(Supplied data begins)

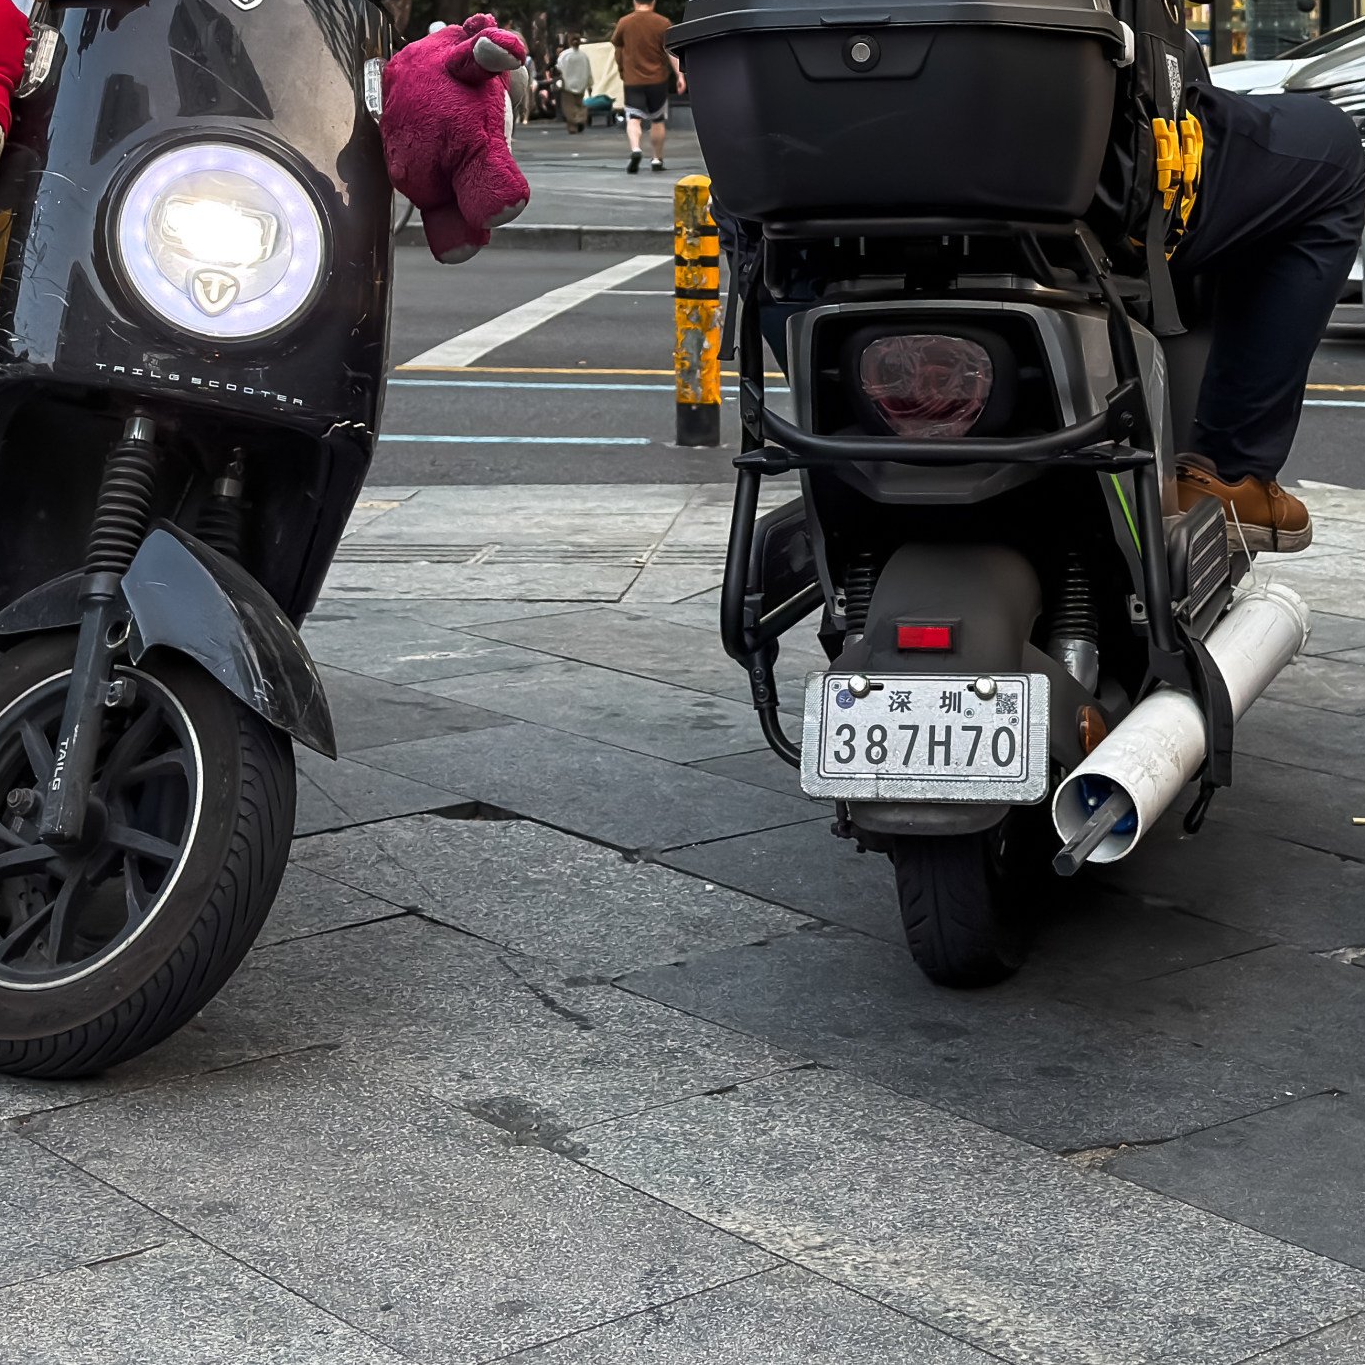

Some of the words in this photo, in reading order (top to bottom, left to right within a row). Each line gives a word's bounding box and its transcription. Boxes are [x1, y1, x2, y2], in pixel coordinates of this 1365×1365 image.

[95, 363, 179, 381] TAILG
[191, 377, 304, 407] SCOOTER
[888, 690, 962, 714] 深圳
[52, 737, 69, 791] TAILG
[833, 723, 1016, 768] 387H70
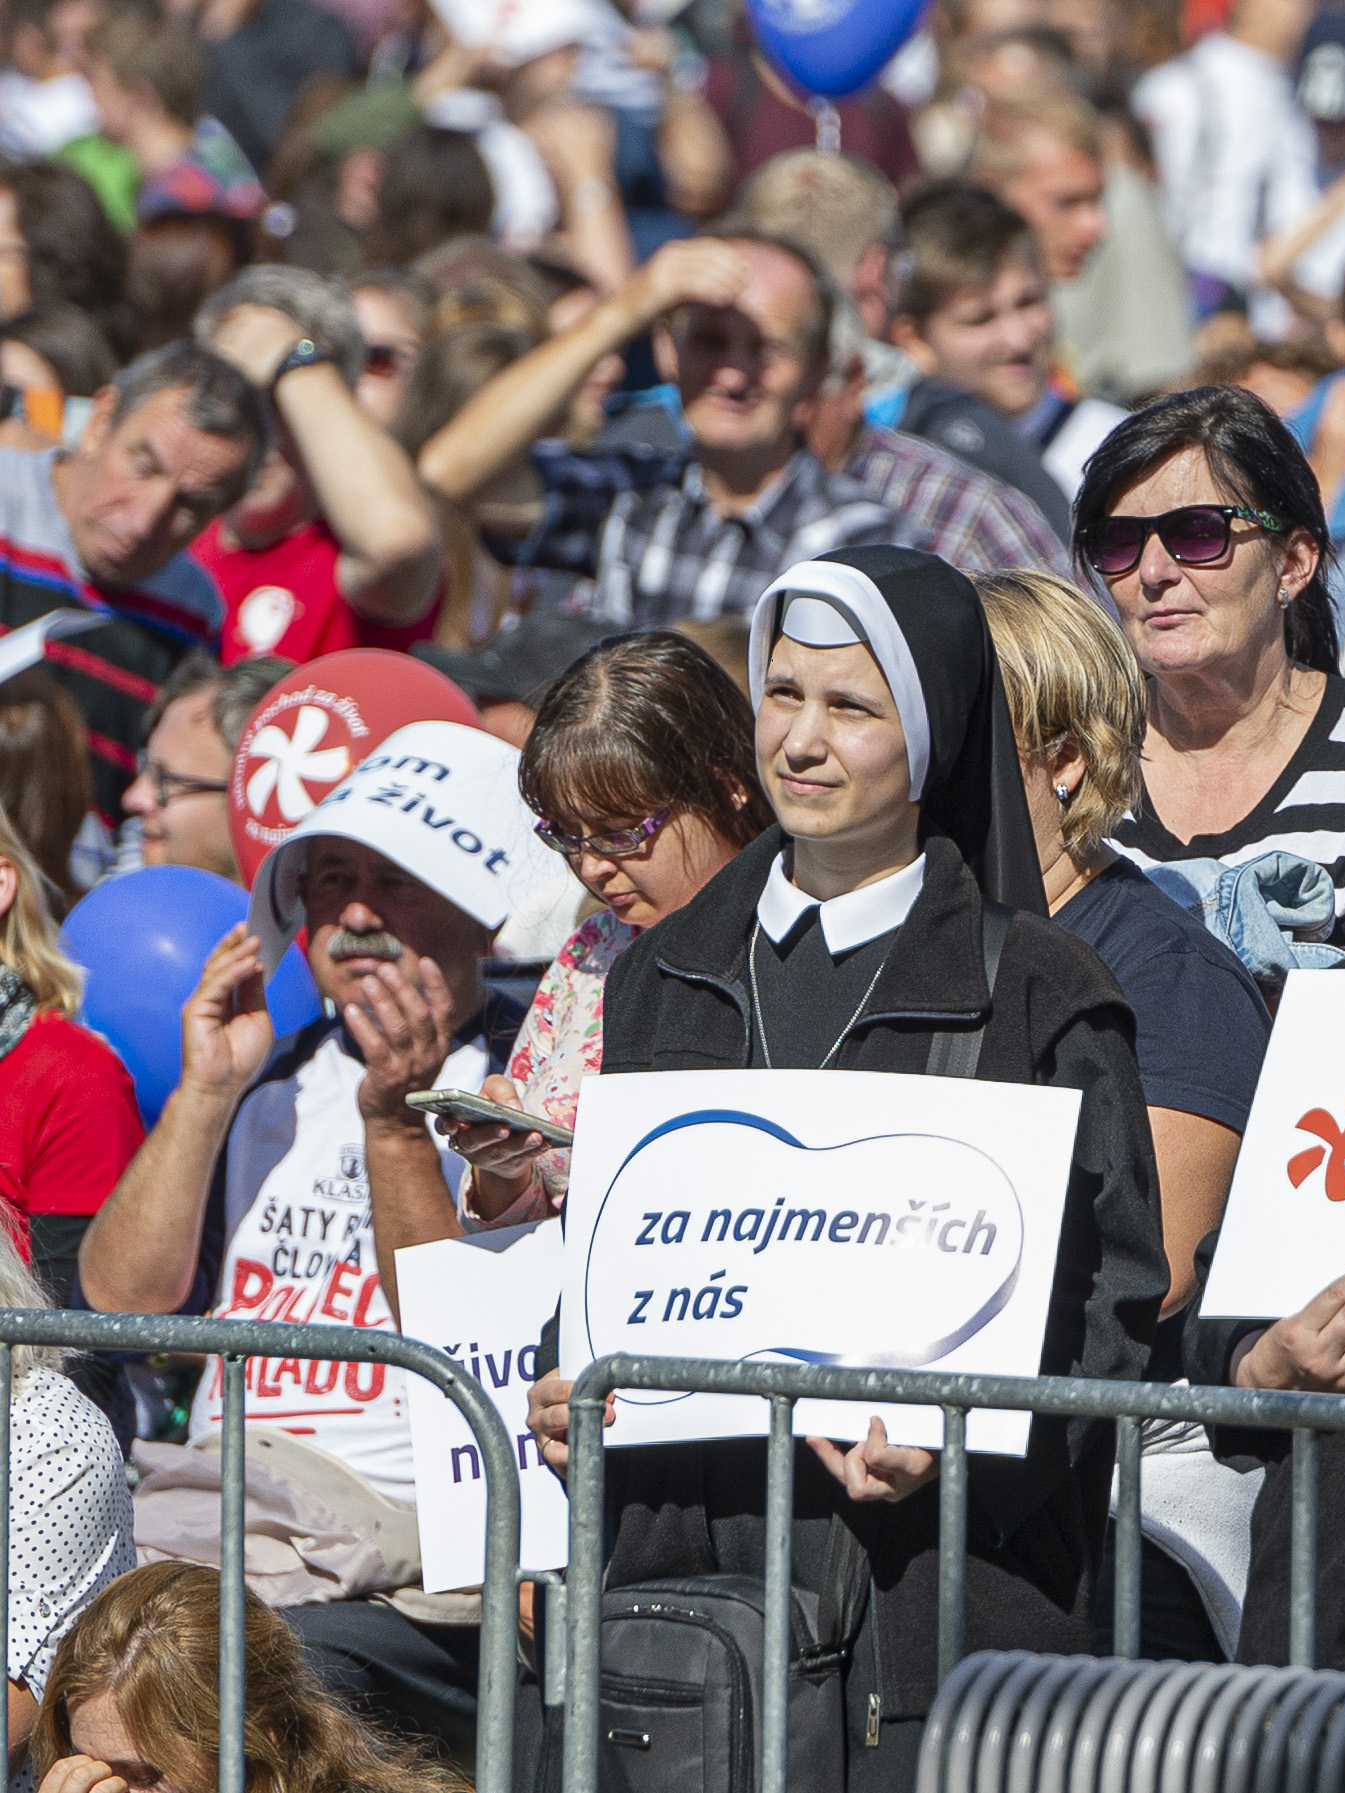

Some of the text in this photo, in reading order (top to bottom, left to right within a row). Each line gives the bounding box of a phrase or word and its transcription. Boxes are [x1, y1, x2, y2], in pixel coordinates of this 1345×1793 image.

[356, 754, 452, 783] om
[366, 782, 510, 876] život
[260, 1196, 337, 1241] ŠATY
[634, 1196, 998, 1256] za najmenších
[627, 1268, 749, 1325] z nás
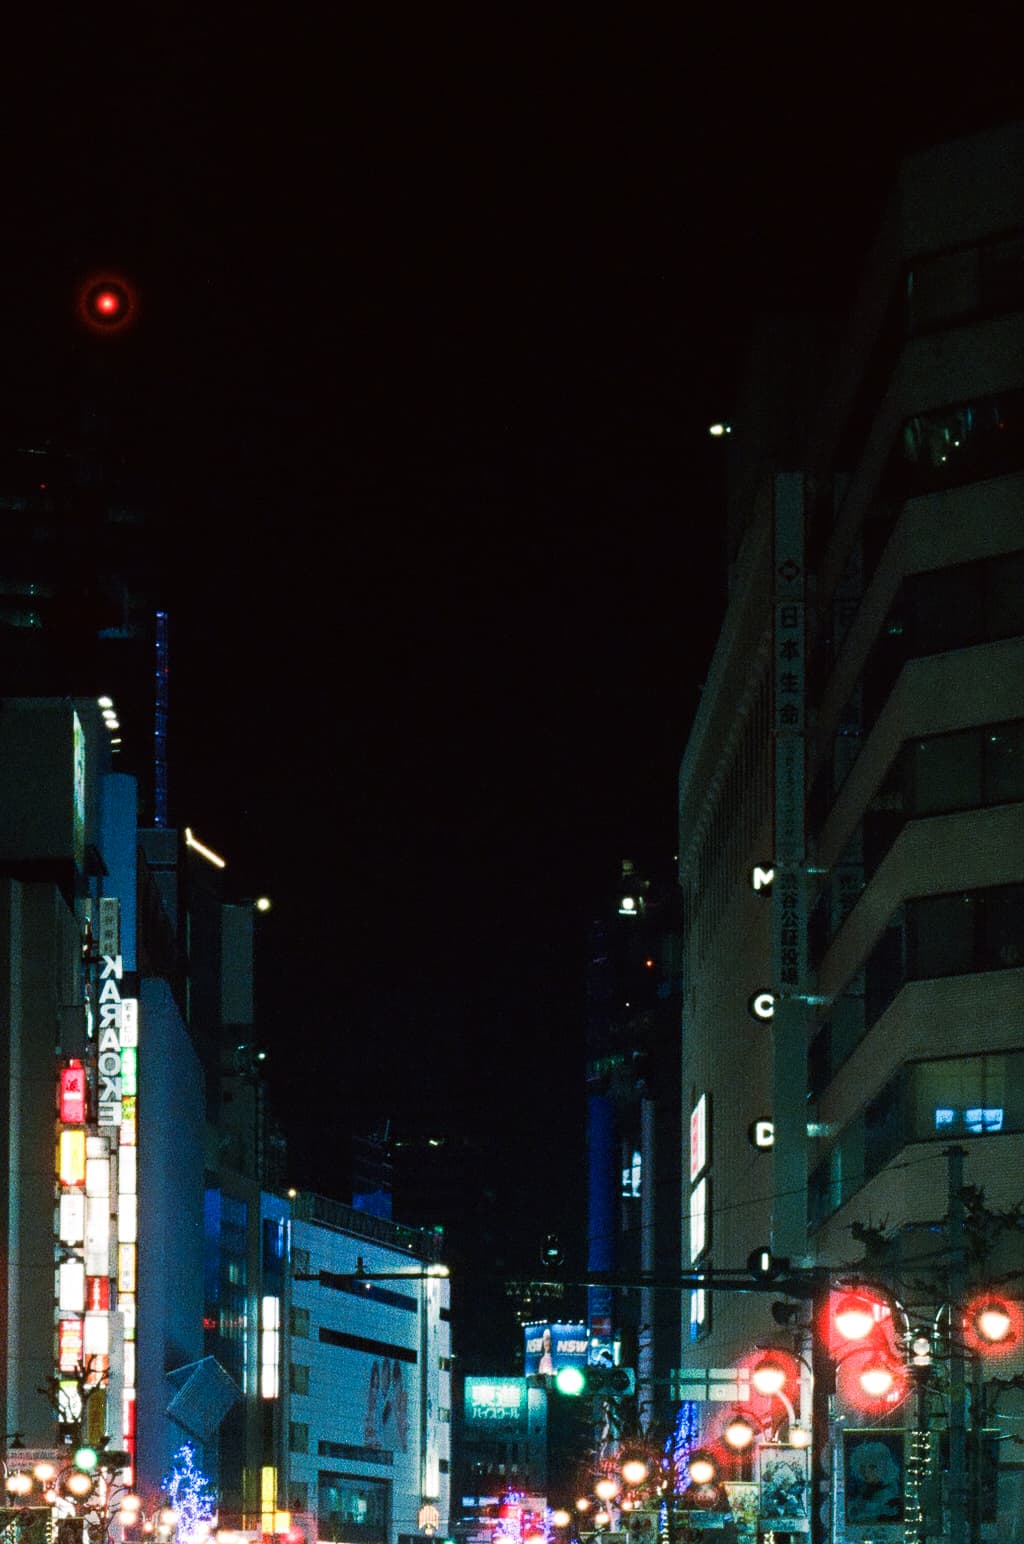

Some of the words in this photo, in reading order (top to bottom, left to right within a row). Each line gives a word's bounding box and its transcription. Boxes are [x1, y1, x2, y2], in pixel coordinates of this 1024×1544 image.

(Supplied data ends)

Instructions to follow
Output each line above exactly as it stands, omitting the pictures.

Response to this task
Some of the words in this photo, in reading order (top to bottom, left to right within a row). Each line gives a word's bounding box and its transcription. Boxes are [x1, y1, x2, y2], in pixel coordinates of this 1365×1365 image.

[95, 363, 179, 381] TAILG
[191, 377, 304, 407] SCOOTER
[888, 690, 962, 714] 深圳
[52, 737, 69, 791] TAILG
[833, 723, 1016, 768] 387H70

Some of the text in this photo, in reading order (top to bottom, left to right within a row). Each line gives the bounding box of a phrase or word and its transcription. Boxes are [x1, y1, x2, y2], in pixel coordinates of this 1345×1793 image.

[356, 754, 452, 783] om
[366, 782, 510, 876] život
[260, 1196, 337, 1241] ŠATY
[634, 1196, 998, 1256] za najmenších
[627, 1268, 749, 1325] z nás

Some of the words in this photo, in reading order (top to bottom, left to right within a row). Each line gives a word's bounding box and its transcription. Boxes are [x1, y1, x2, y2], in pixel coordinates of this 1024×1544 image.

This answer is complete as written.